### AIM OF THE TASK
Type out the whole listing again exactly, pictures omitted.
*** Begin section ***
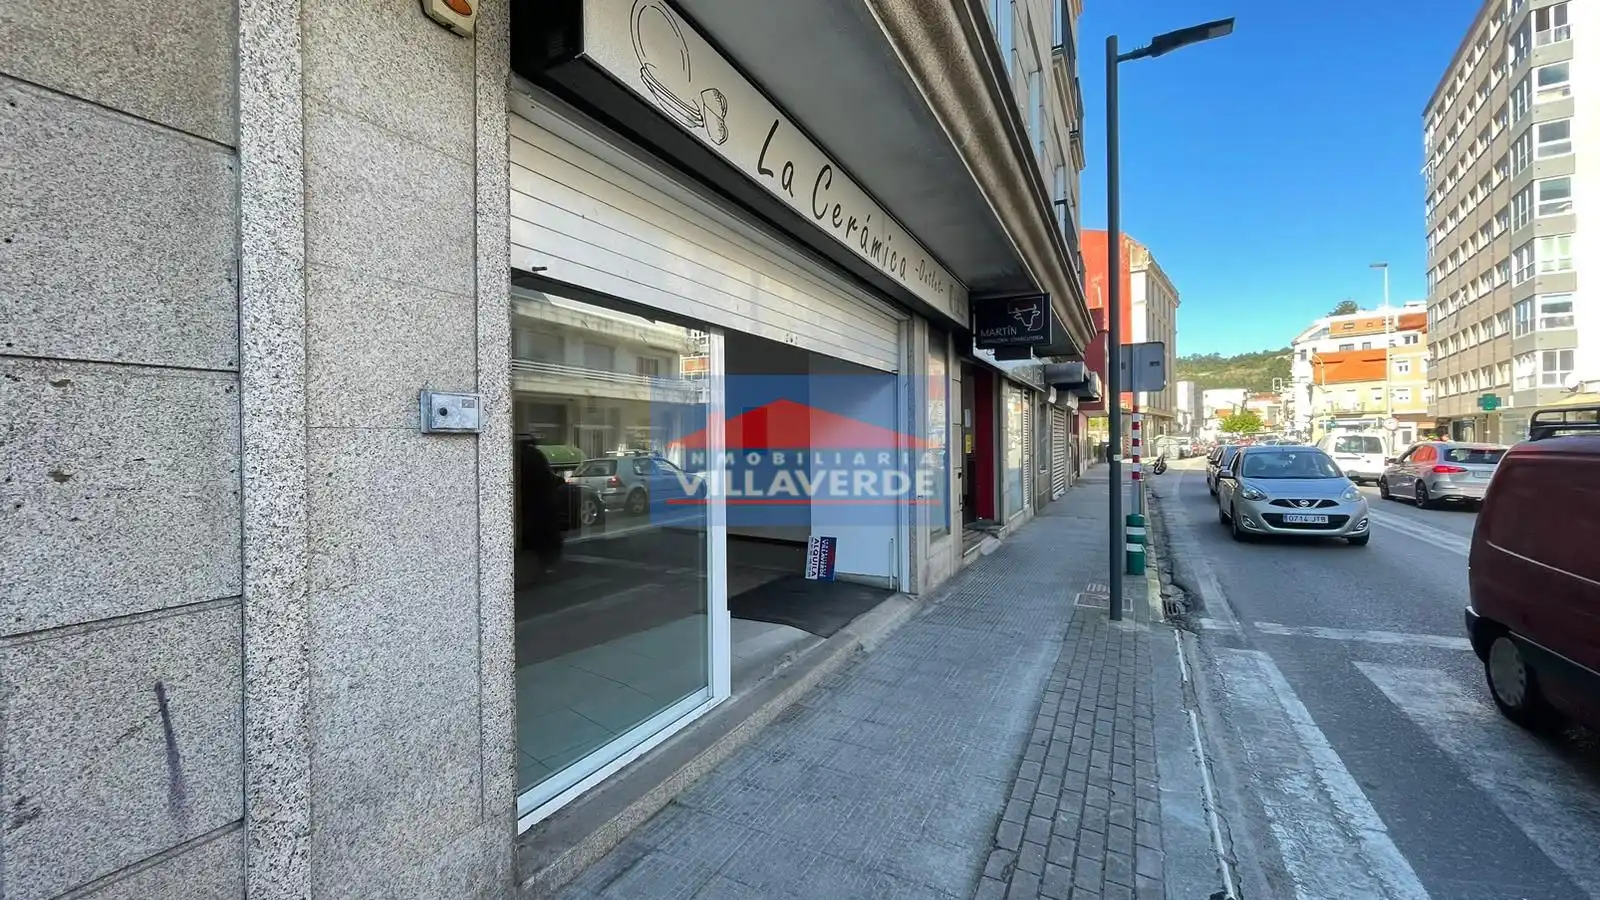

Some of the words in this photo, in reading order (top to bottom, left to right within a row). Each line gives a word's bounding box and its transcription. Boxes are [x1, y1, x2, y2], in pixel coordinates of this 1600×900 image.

[757, 119, 794, 198] La
[812, 164, 907, 281] Cerámica
[980, 325, 1017, 337] MARTÍN
[811, 538, 820, 577] ALQUILA
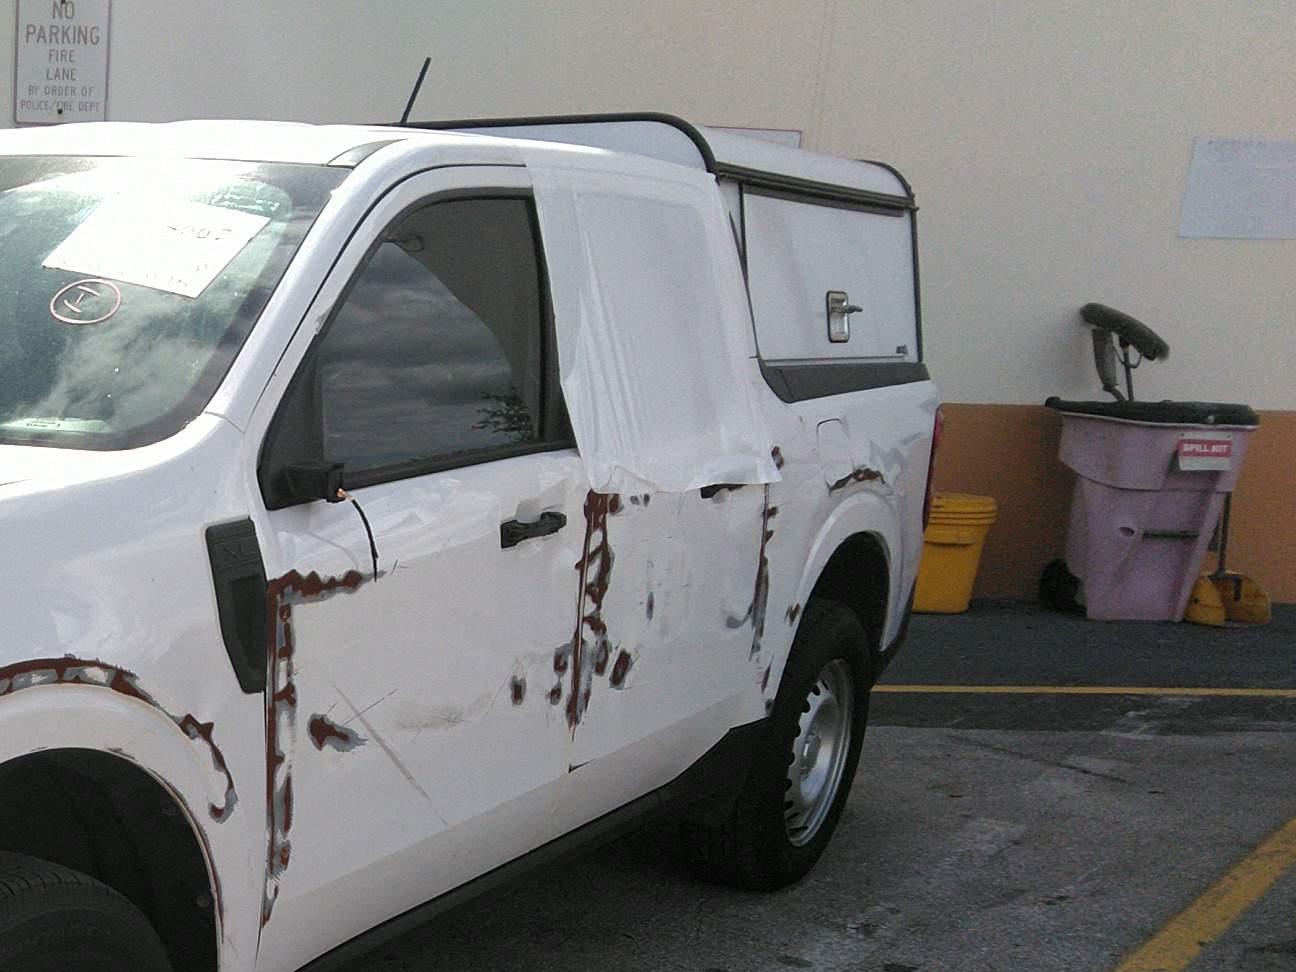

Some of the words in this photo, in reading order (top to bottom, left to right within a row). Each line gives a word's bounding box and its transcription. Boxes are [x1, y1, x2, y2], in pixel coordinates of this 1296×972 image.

[52, 1, 75, 20] NO
[26, 24, 100, 45] PARKING
[49, 49, 76, 63] FIRE
[46, 68, 77, 81] LANE
[28, 85, 39, 96] BY
[44, 86, 76, 97] ORDER
[81, 87, 94, 97] OF
[78, 101, 100, 112] DEPT
*** End section ***
### EXERCISE ANSWER
Some of the words in this photo, in reading order (top to bottom, left to right within a row). Each line gives a word's bounding box and its transcription. Boxes are [x1, y1, x2, y2], in pixel coordinates of this 1600×900 image.

[757, 119, 794, 198] La
[812, 164, 907, 281] Cerámica
[980, 325, 1017, 337] MARTÍN
[811, 538, 820, 577] ALQUILA

Some of the words in this photo, in reading order (top to bottom, left to right within a row). Each line gives a word's bounding box and its transcription. Boxes are [x1, y1, x2, y2], in pixel coordinates of this 1296×972 image.

[52, 1, 75, 20] NO
[26, 24, 100, 45] PARKING
[49, 49, 76, 63] FIRE
[46, 68, 77, 81] LANE
[28, 85, 39, 96] BY
[44, 86, 76, 97] ORDER
[81, 87, 94, 97] OF
[78, 101, 100, 112] DEPT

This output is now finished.